" Nostalgies libanaises "


J'ai photographié les libanais au quotidien.

Ne cherchez pas dans mes images les buildings des quartiers chics de Beyrouth où les appartements se négocient en milliers de dollars. Une ville aux allures de petite Suisse du Proche Orient, alors que dans les banlieues et sur les plages, des bidonvilles perdurent.
Les boîtes de nuits où se déchaînent, sur des rythmes techno, des jeunes peu vêtus en manque de libertés et de repères, qui sous l'emprise de l'alcool, se tuent sur les routes.
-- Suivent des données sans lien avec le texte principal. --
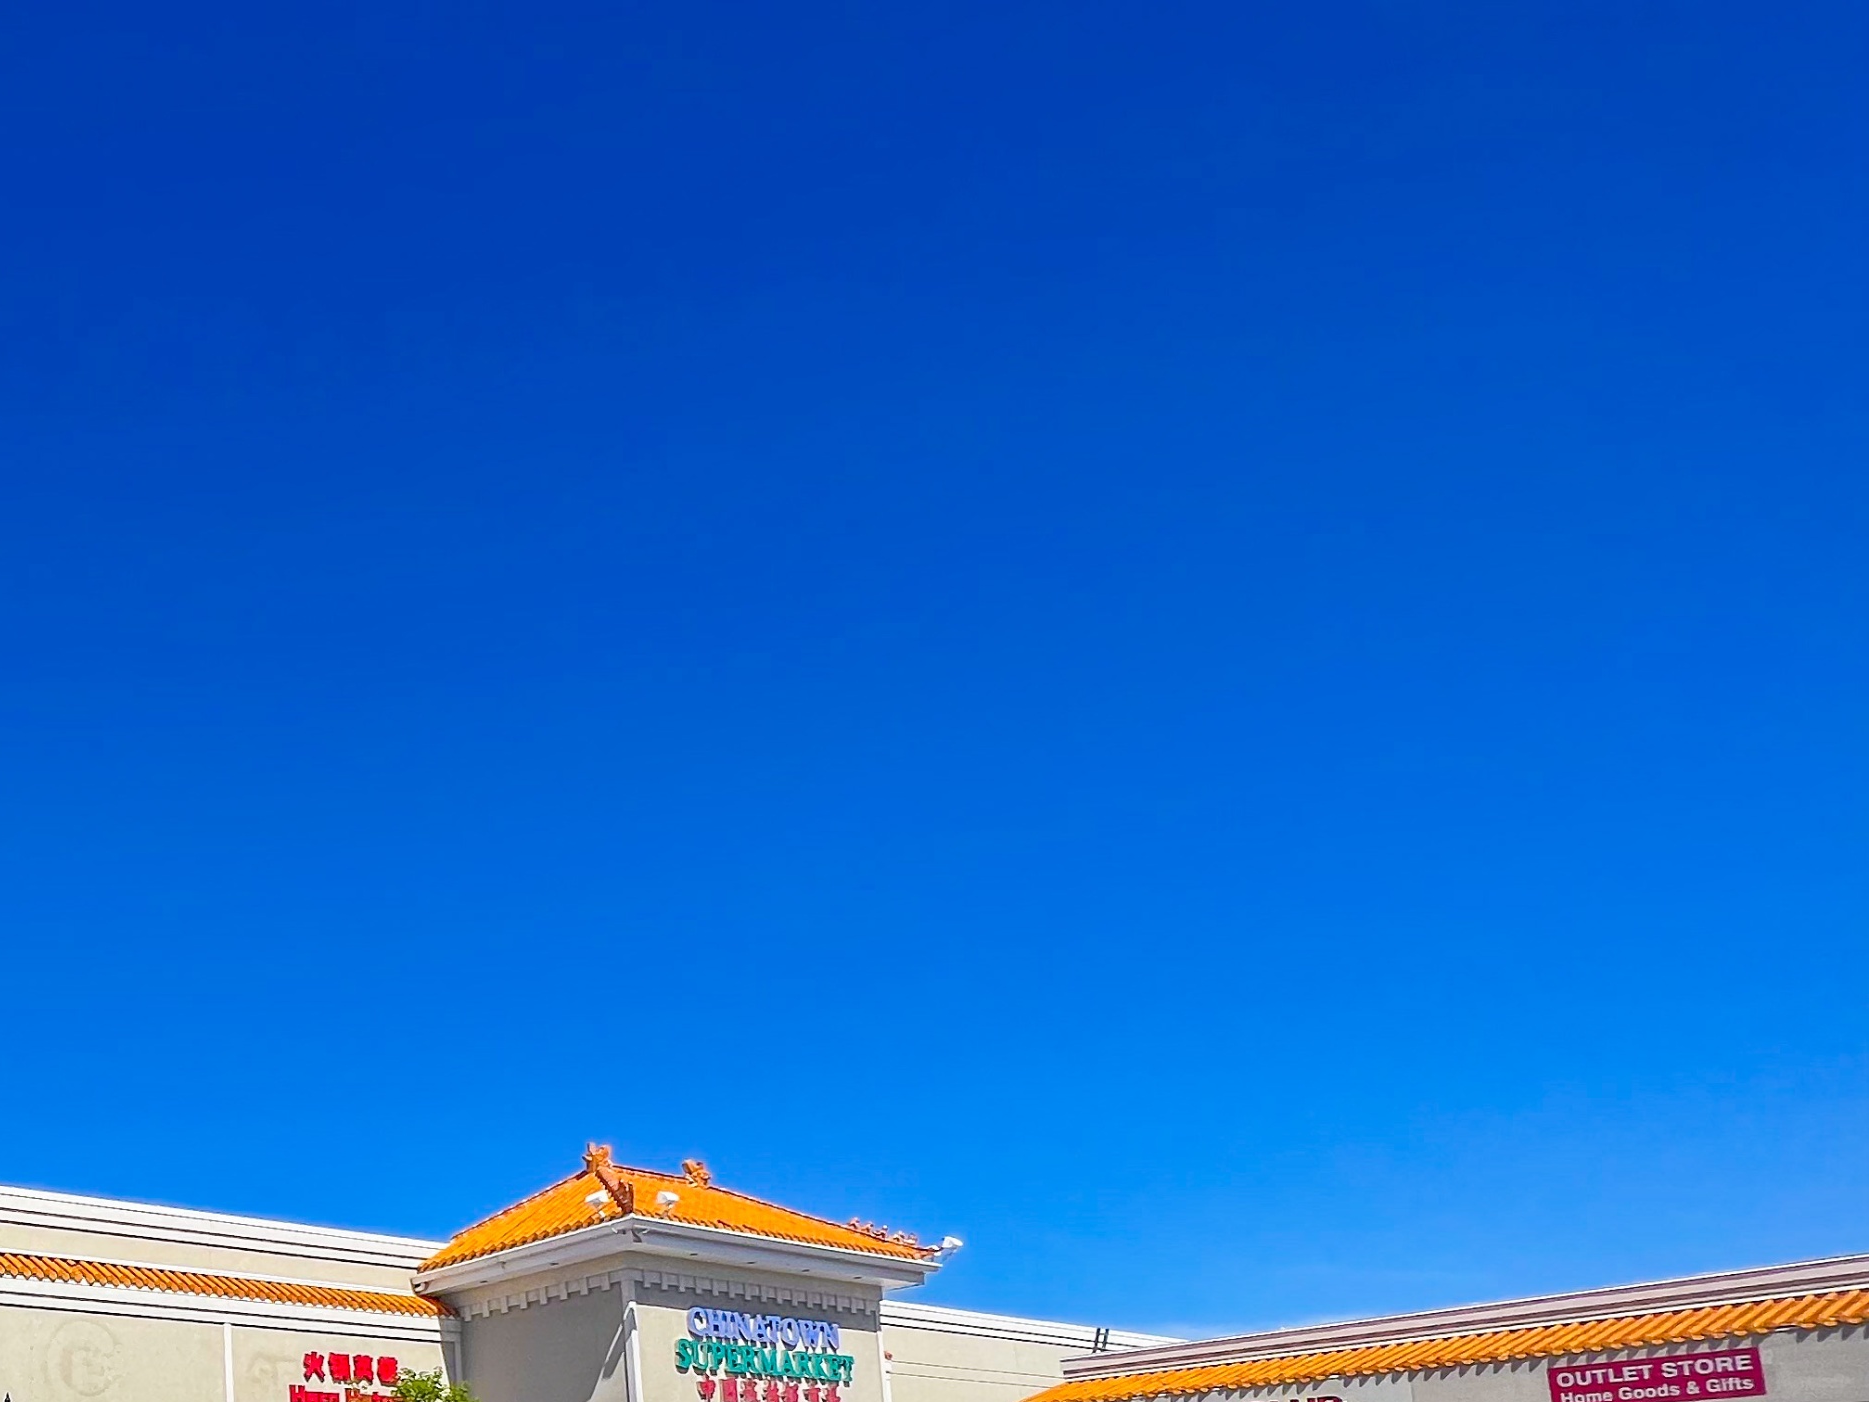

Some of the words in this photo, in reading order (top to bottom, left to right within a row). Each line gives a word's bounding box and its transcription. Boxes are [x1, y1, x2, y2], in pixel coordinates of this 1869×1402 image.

[687, 1307, 840, 1350] CHINATOWN
[675, 1339, 855, 1384] SUPERMARKET
[1556, 1364, 1653, 1389] OUTLET
[1661, 1355, 1754, 1379] STORE
[1618, 1383, 1680, 1401] Goods
[1686, 1380, 1700, 1395] &
[1705, 1377, 1755, 1393] Gifts
Les 4x4 et les berlines flambants neufs qui s'accaparent les rues, ni la violence routière de conducteurs écorchés vifs, prêts à en venir aux armes au moindre malentendu.
La consommation à la mode occidentale, dans de grandes et luxueuses galeries marchandes, où les libanais s'adonnent à leur sport favori : " le show business ".
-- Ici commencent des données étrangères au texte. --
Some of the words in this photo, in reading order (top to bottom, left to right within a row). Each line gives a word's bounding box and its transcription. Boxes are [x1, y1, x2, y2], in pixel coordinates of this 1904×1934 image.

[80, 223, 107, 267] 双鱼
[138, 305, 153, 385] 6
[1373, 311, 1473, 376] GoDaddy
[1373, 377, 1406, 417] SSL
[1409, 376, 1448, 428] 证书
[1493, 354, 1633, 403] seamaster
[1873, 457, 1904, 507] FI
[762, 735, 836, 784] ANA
Les tensions entre quartiers chrétien et musulman où la religion, les enjeux politiques, la corruption, la banalisation des armes à feu et la soif de pouvoir, entretiennent les vielles blessure.

Inconsciemment, en quête d'exotisme, j'ai cherché dans les quartiers populaires et les villages de la côte, un Liban calme, serein, joyeux et coloré.
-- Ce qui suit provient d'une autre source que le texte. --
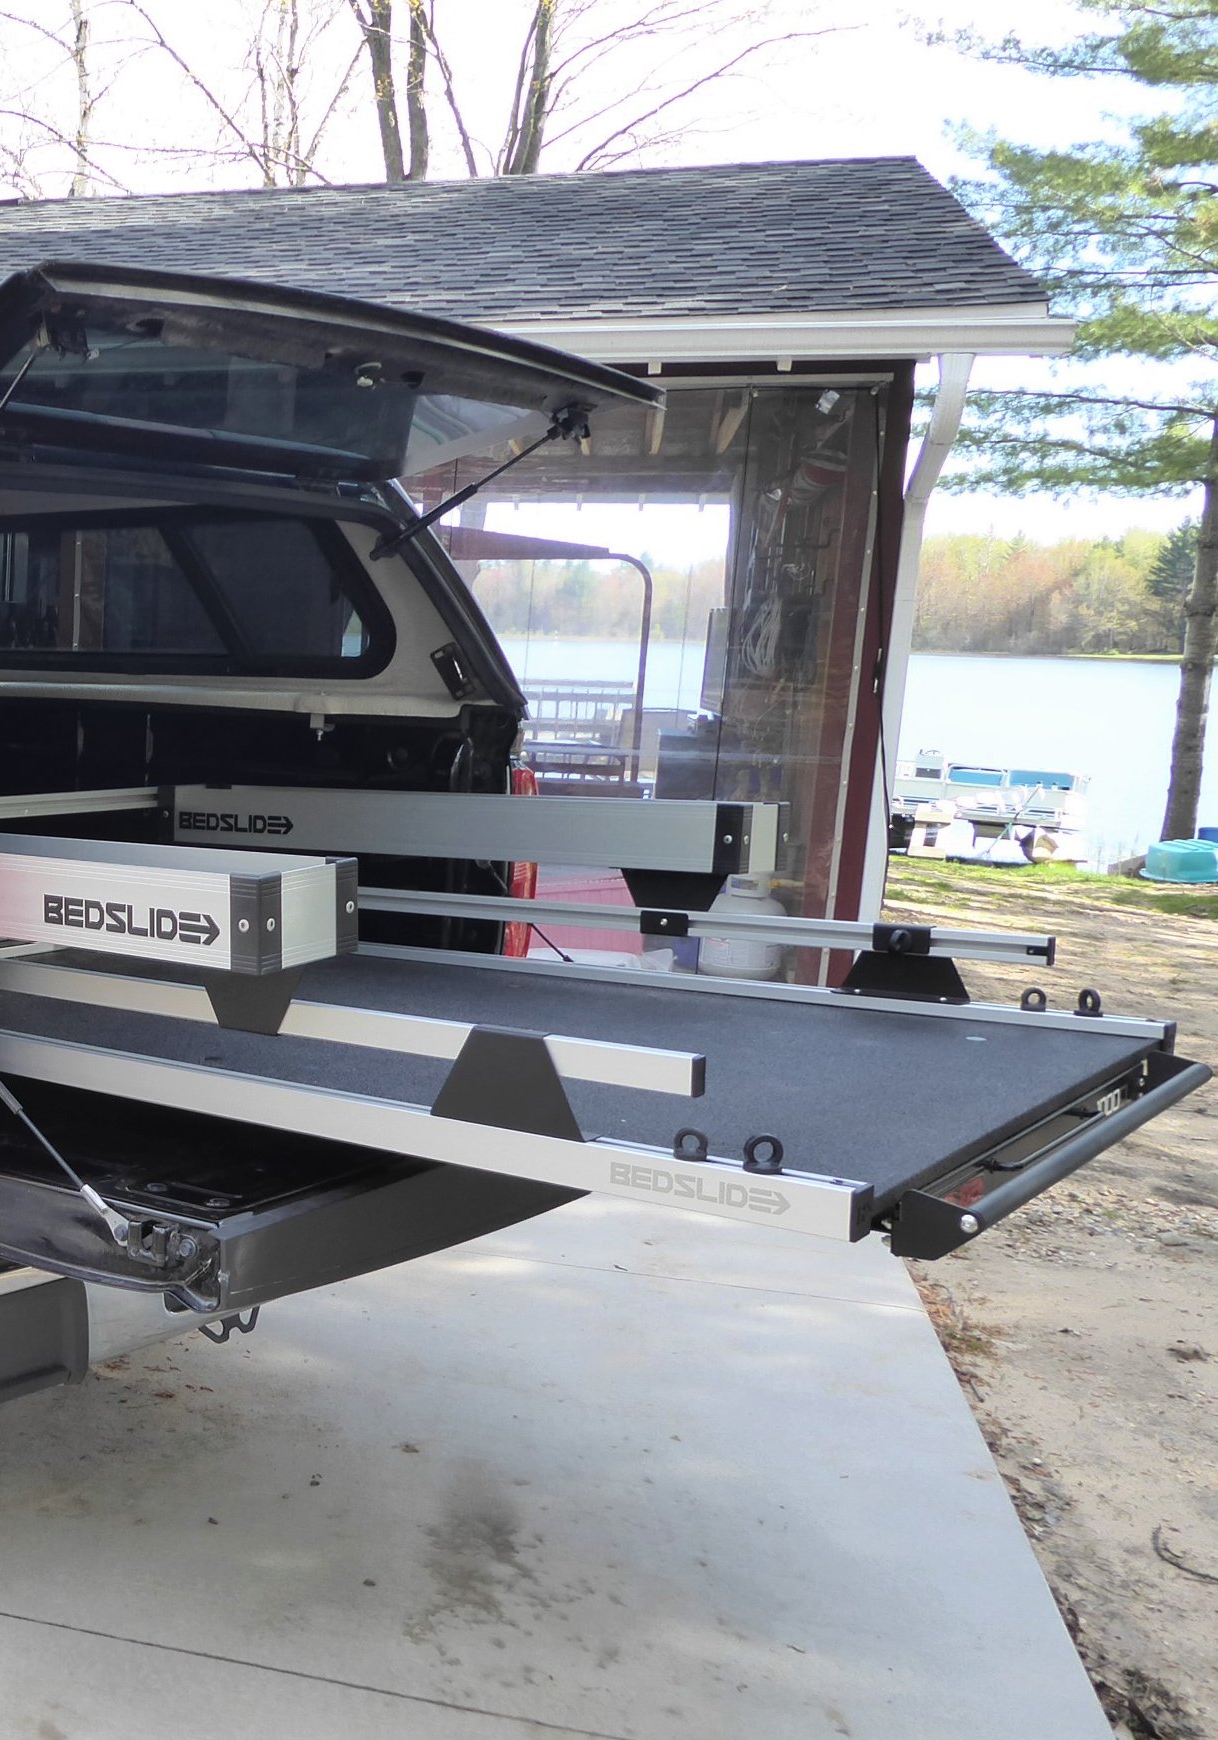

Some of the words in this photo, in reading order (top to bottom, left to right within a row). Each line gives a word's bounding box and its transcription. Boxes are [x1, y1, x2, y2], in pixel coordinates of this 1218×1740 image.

J'ai choisi de vous le montrer à travers des " cartes postales ", des " images d'Épinal " auxquelles il ne manque que la patine du temps.
Images pas encore jaunies, témoins d'un Liban où il reste des gens simples, des souks authentiques, des ports où, sur les quais, les pêcheurs jouent aux cartes et filent leurs filets… aux antipodes de la folie de Beyrouth et de Tripoli.

Je ne veux retenir du Liban que ces clichés là, illusion éphémère d'un pays que j'ai fantasmé.